┏━━

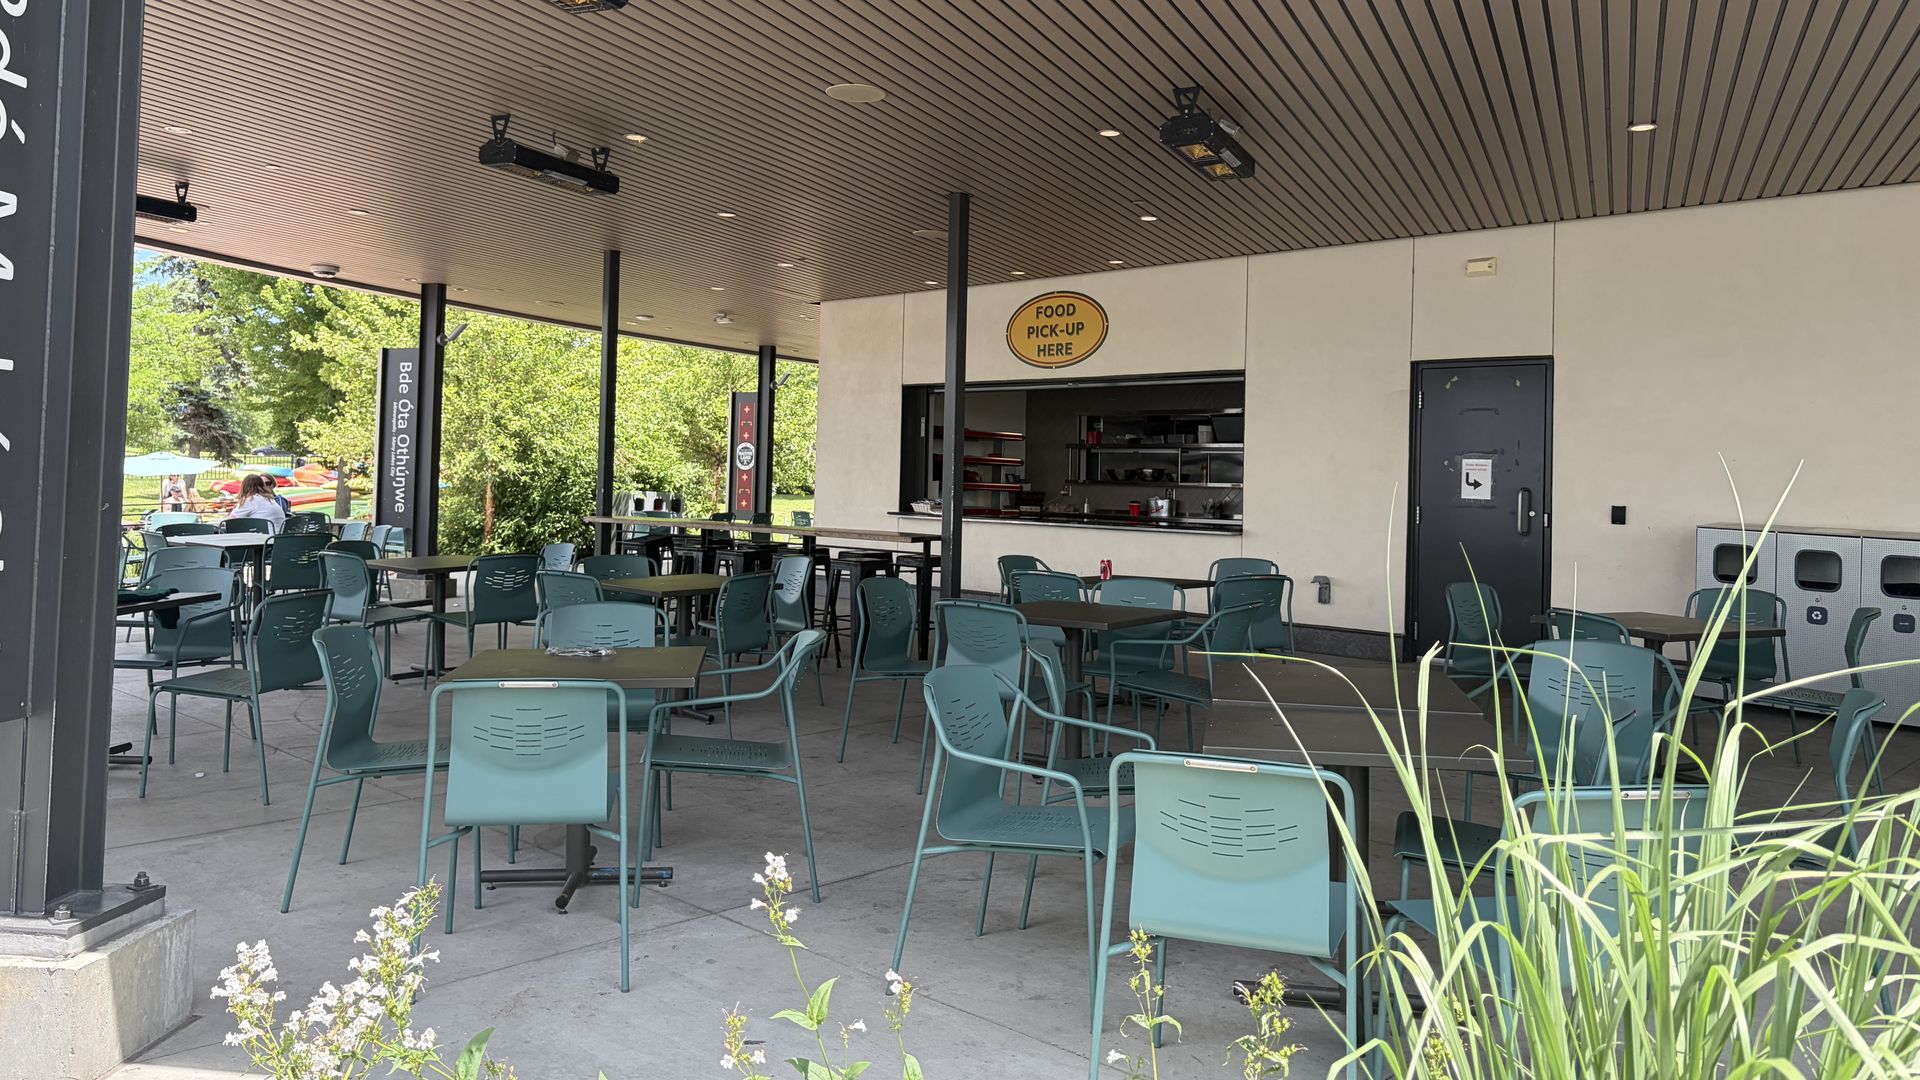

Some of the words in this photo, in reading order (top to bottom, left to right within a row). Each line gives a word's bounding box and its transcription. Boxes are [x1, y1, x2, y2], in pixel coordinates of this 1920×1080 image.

[1036, 303, 1076, 319] FOOD
[1027, 322, 1084, 339] PICK-UP
[1037, 342, 1073, 357] HERE
[399, 362, 413, 394] Bde
[398, 399, 414, 428] Óta
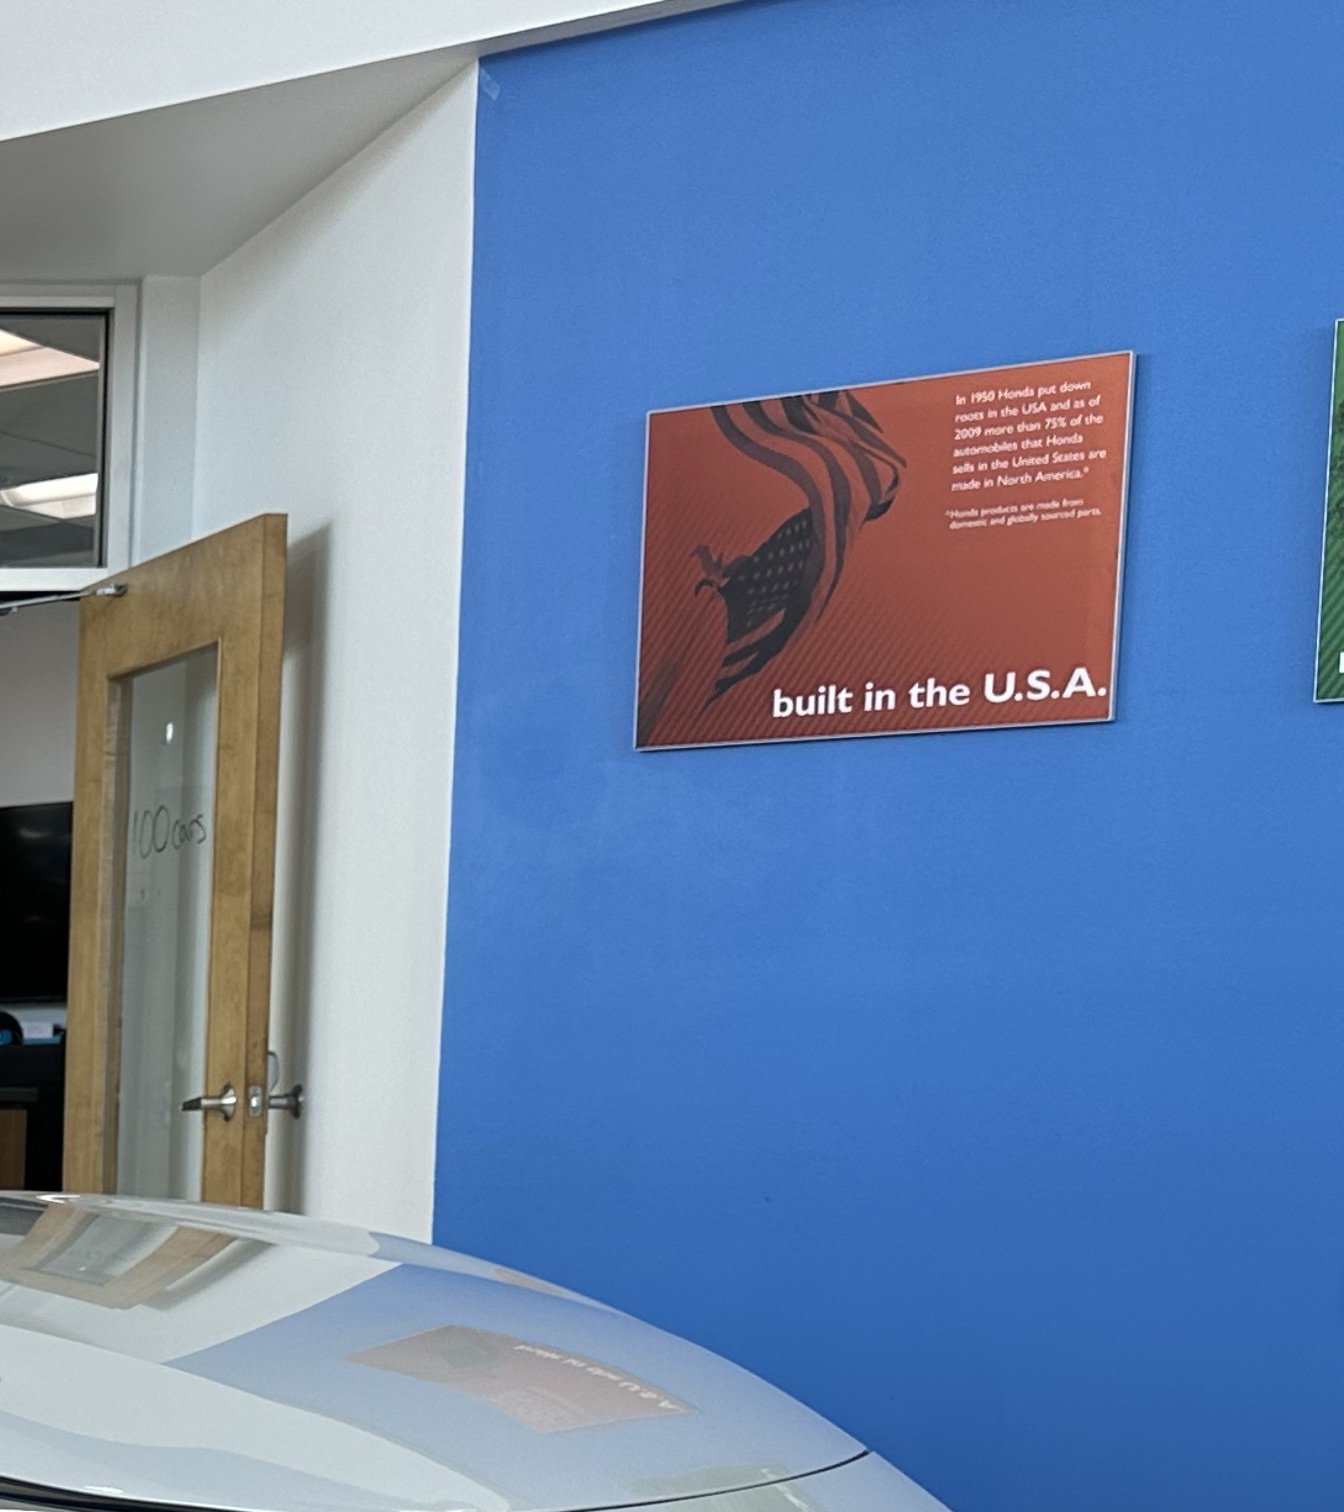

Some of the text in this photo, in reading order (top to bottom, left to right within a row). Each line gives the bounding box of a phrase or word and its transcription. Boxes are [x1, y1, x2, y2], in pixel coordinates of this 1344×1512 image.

[955, 394, 966, 406] In
[998, 387, 1034, 400] Honda
[1037, 384, 1056, 398] put
[1060, 380, 1092, 393] down
[955, 395, 1102, 423] roots in the USA and as of
[954, 414, 1104, 440] 2009 more than 75% of the
[953, 433, 1083, 458] automobiles that Honda
[952, 450, 1107, 474] sells in the United States are
[951, 478, 981, 492] made
[984, 477, 994, 487] in
[997, 472, 1032, 486] North
[772, 667, 1107, 718] built in the U.S.A.
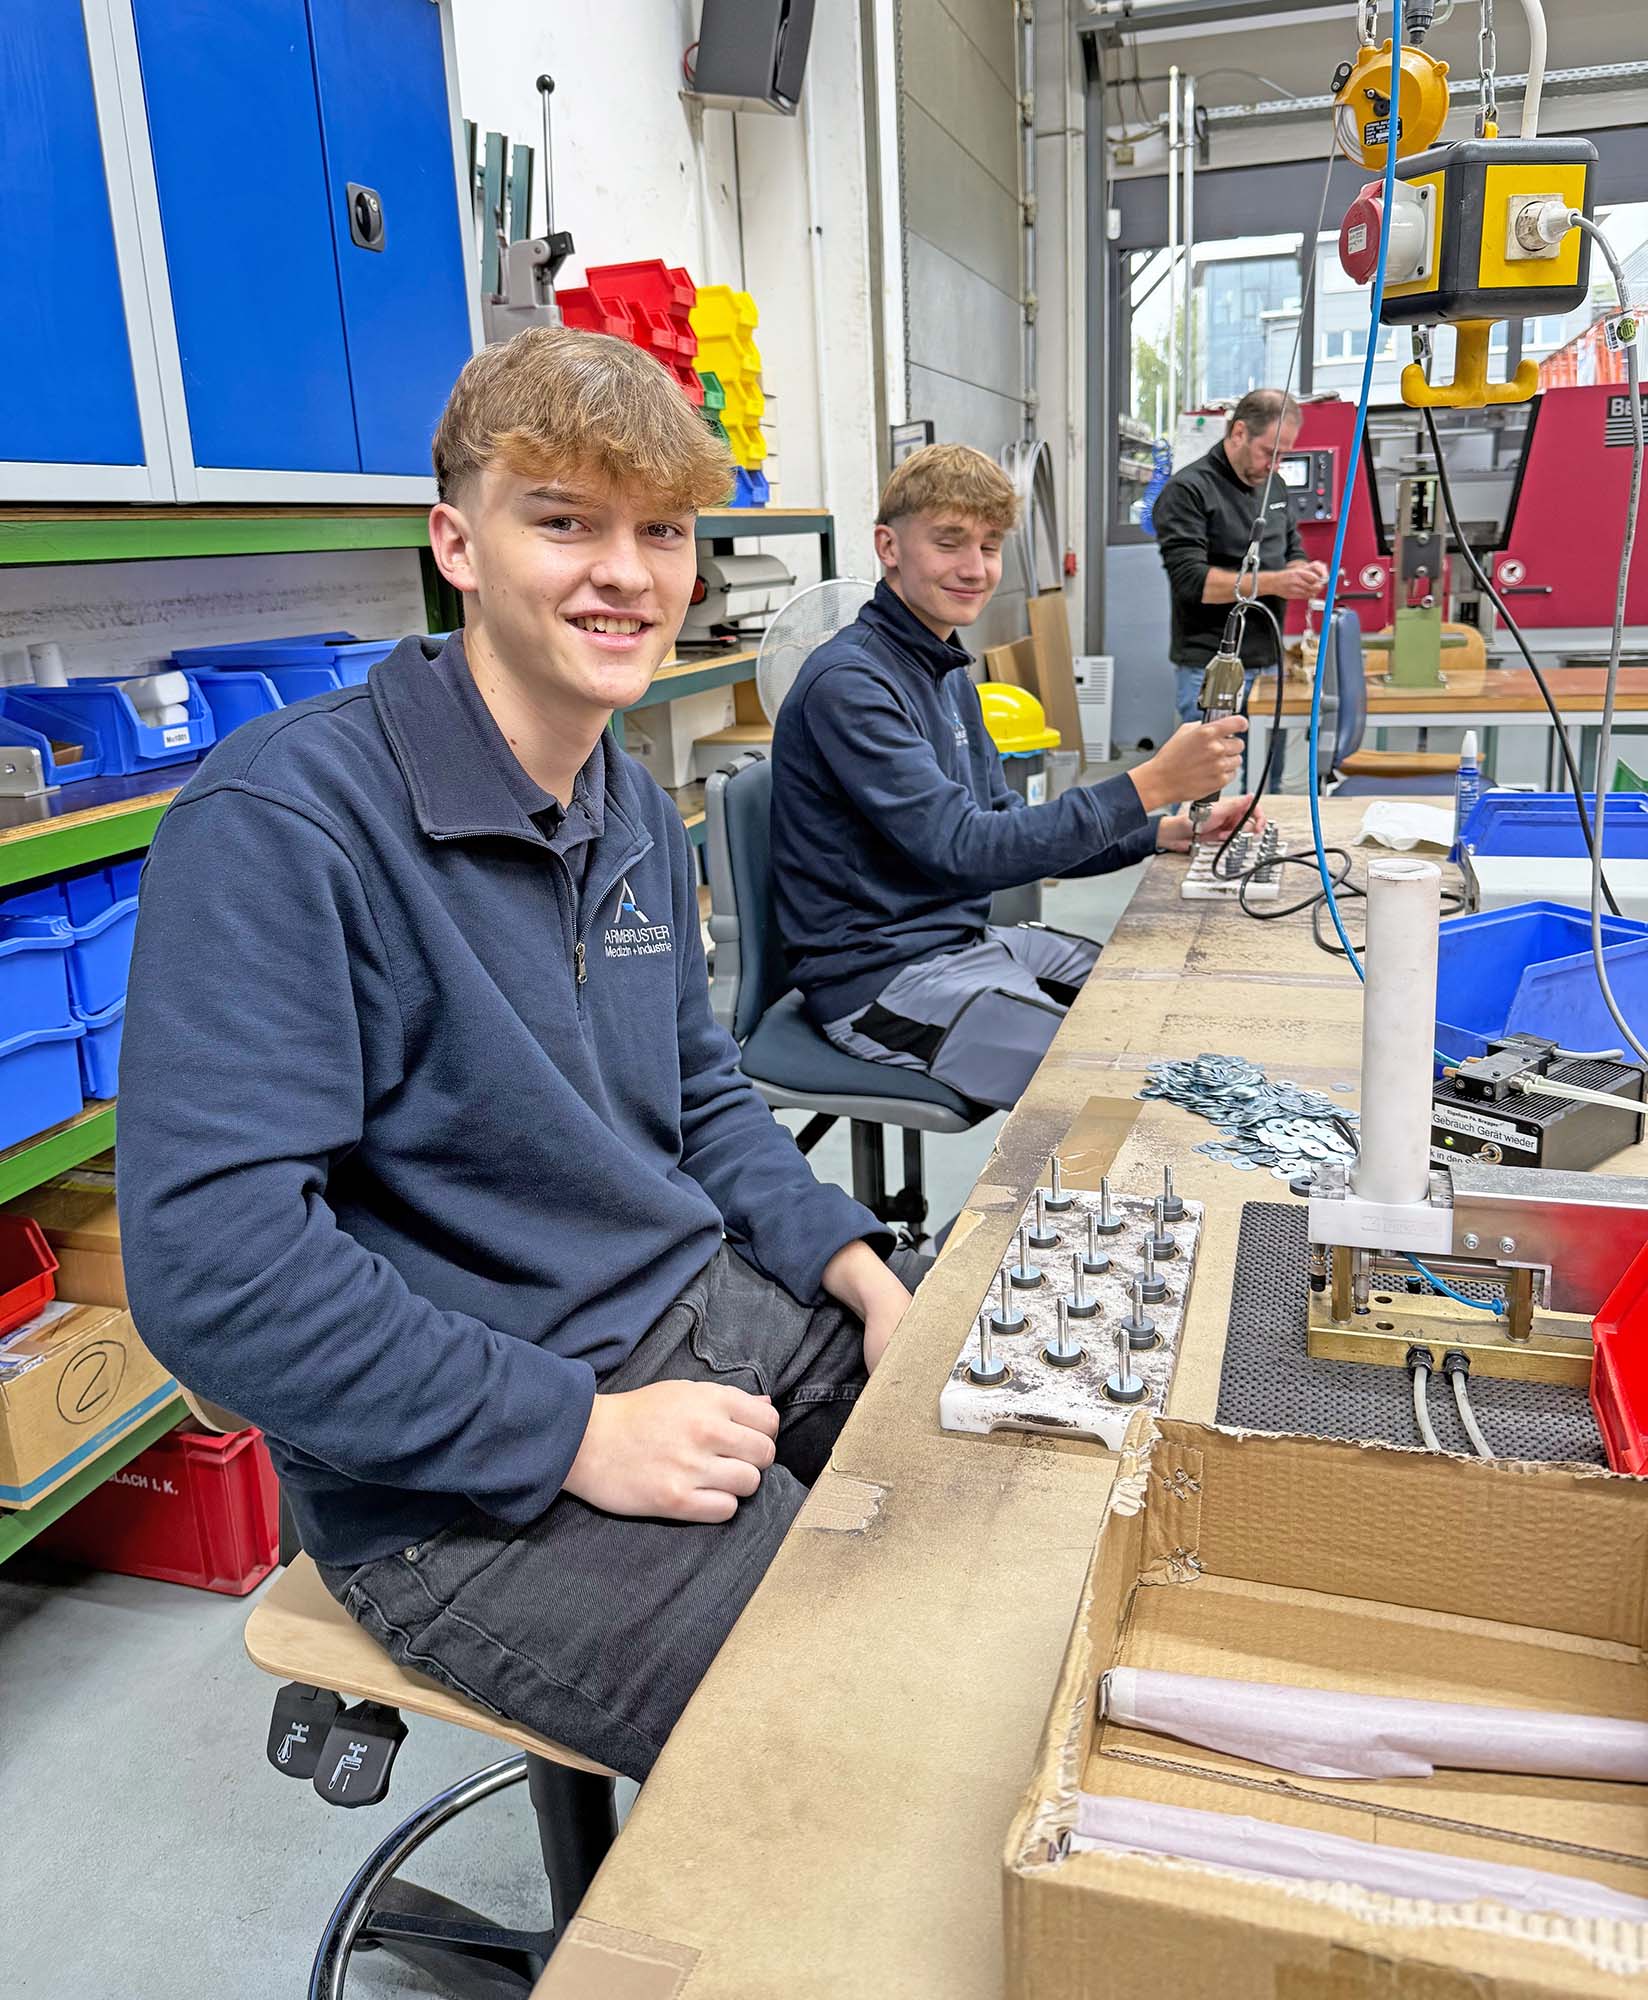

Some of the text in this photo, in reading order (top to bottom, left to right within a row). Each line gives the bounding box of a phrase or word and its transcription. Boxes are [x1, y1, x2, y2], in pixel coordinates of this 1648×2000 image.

┗━━

→ **TO DO**:
Restate all of the data word for word and include no pictures.

→ **WRITTEN RESPONSE**:
Some of the words in this photo, in reading order (top to bottom, left to right within a row). Each line gives a word's bounding box and its transcription. Boxes are [x1, y1, x2, y2], in pixel coordinates of this 1920×1080 image.

[1036, 303, 1076, 319] FOOD
[1027, 322, 1084, 339] PICK-UP
[1037, 342, 1073, 357] HERE
[399, 362, 413, 394] Bde
[398, 399, 414, 428] Óta

Some of the text in this photo, in reading order (top to bottom, left to right within a row). Each line gives the bounding box of a phrase or word and its transcription. Boxes are [x1, y1, x2, y2], in pixel coordinates of this 1344×1512 image.

[955, 394, 966, 406] In
[998, 387, 1034, 400] Honda
[1037, 384, 1056, 398] put
[1060, 380, 1092, 393] down
[955, 395, 1102, 423] roots in the USA and as of
[954, 414, 1104, 440] 2009 more than 75% of the
[953, 433, 1083, 458] automobiles that Honda
[952, 450, 1107, 474] sells in the United States are
[951, 478, 981, 492] made
[984, 477, 994, 487] in
[997, 472, 1032, 486] North
[772, 667, 1107, 718] built in the U.S.A.

Some of the text in this photo, in reading order (top to bottom, left to right within a row). Each line gives the bounding box of a phrase or word and its transcription. Boxes are [x1, y1, x2, y2], in pixel coordinates of this 1648×2000 image.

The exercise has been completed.